▸ ASSIGNMENT: Omit the images and reproduce the rest of the entries exactly.

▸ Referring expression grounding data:

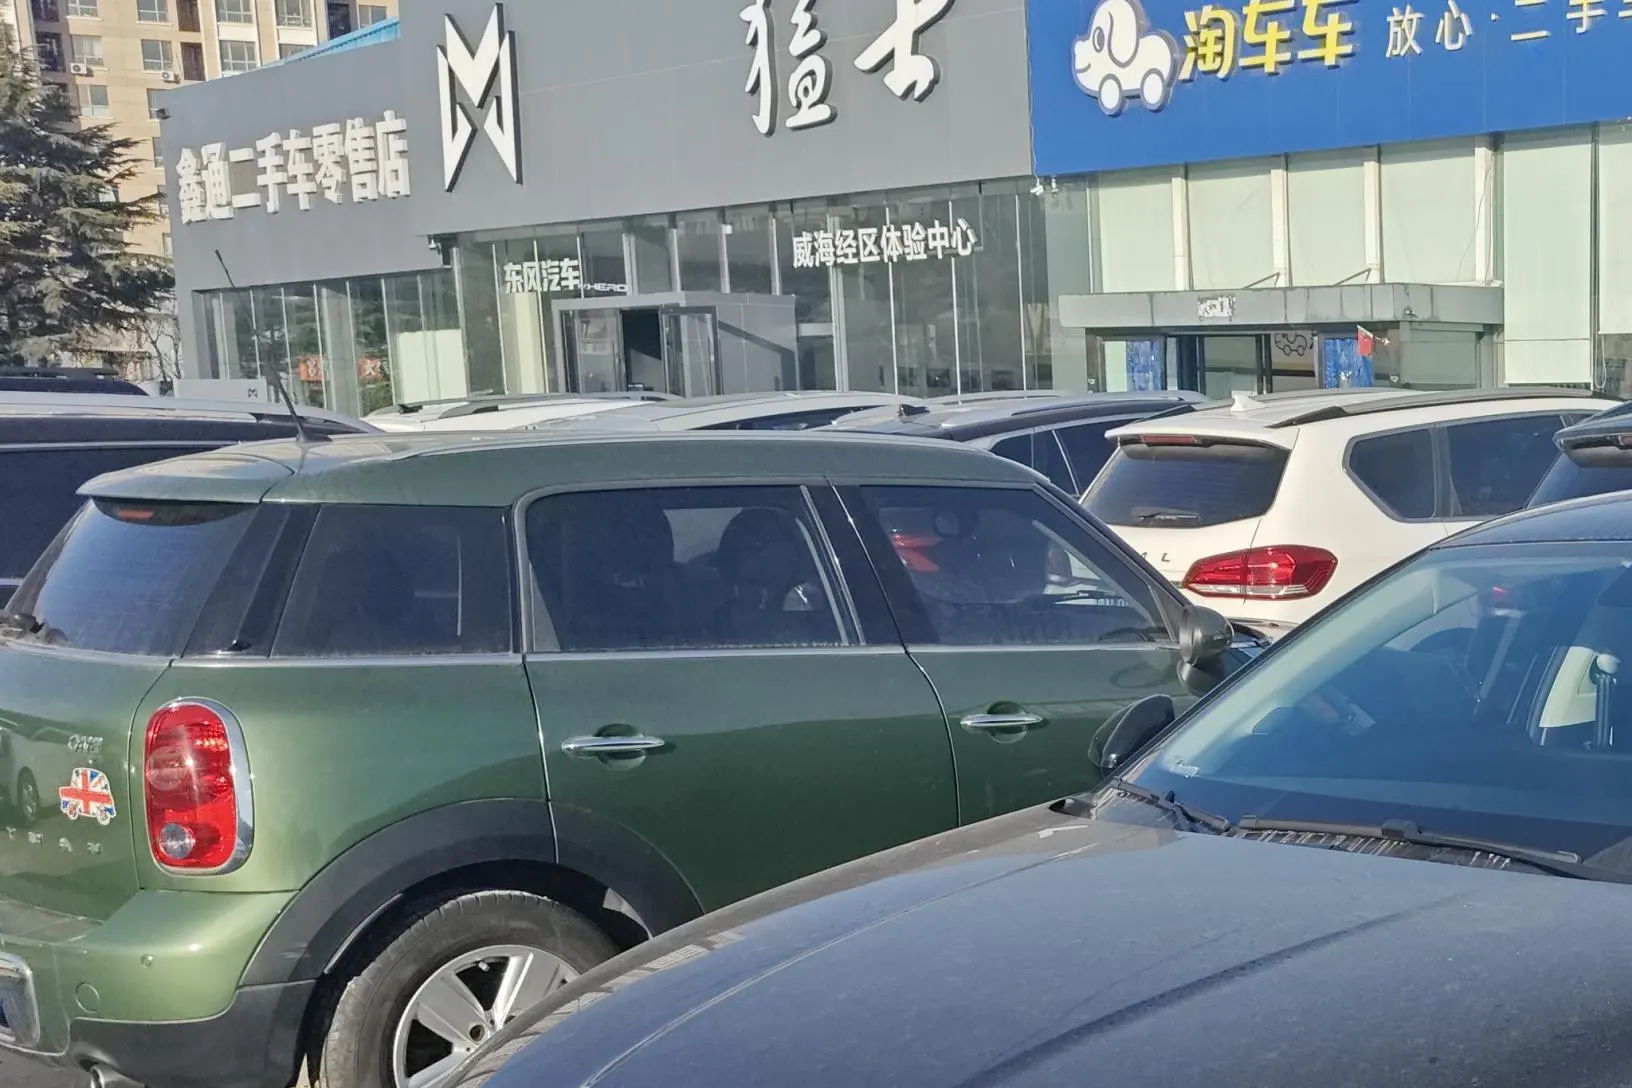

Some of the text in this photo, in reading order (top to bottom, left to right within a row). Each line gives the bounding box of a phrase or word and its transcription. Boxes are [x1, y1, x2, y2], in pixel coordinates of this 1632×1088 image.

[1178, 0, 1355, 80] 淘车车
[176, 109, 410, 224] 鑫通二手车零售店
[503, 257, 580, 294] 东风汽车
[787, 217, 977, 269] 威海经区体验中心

▸ ANSWER SPACE:
Some of the text in this photo, in reading order (top to bottom, left to right within a row). Each line gives the bounding box of a phrase or word and its transcription. Boxes are [x1, y1, x2, y2], in pixel coordinates of this 1632×1088 image.

[1178, 0, 1355, 80] 淘车车
[176, 109, 410, 224] 鑫通二手车零售店
[503, 257, 580, 294] 东风汽车
[787, 217, 977, 269] 威海经区体验中心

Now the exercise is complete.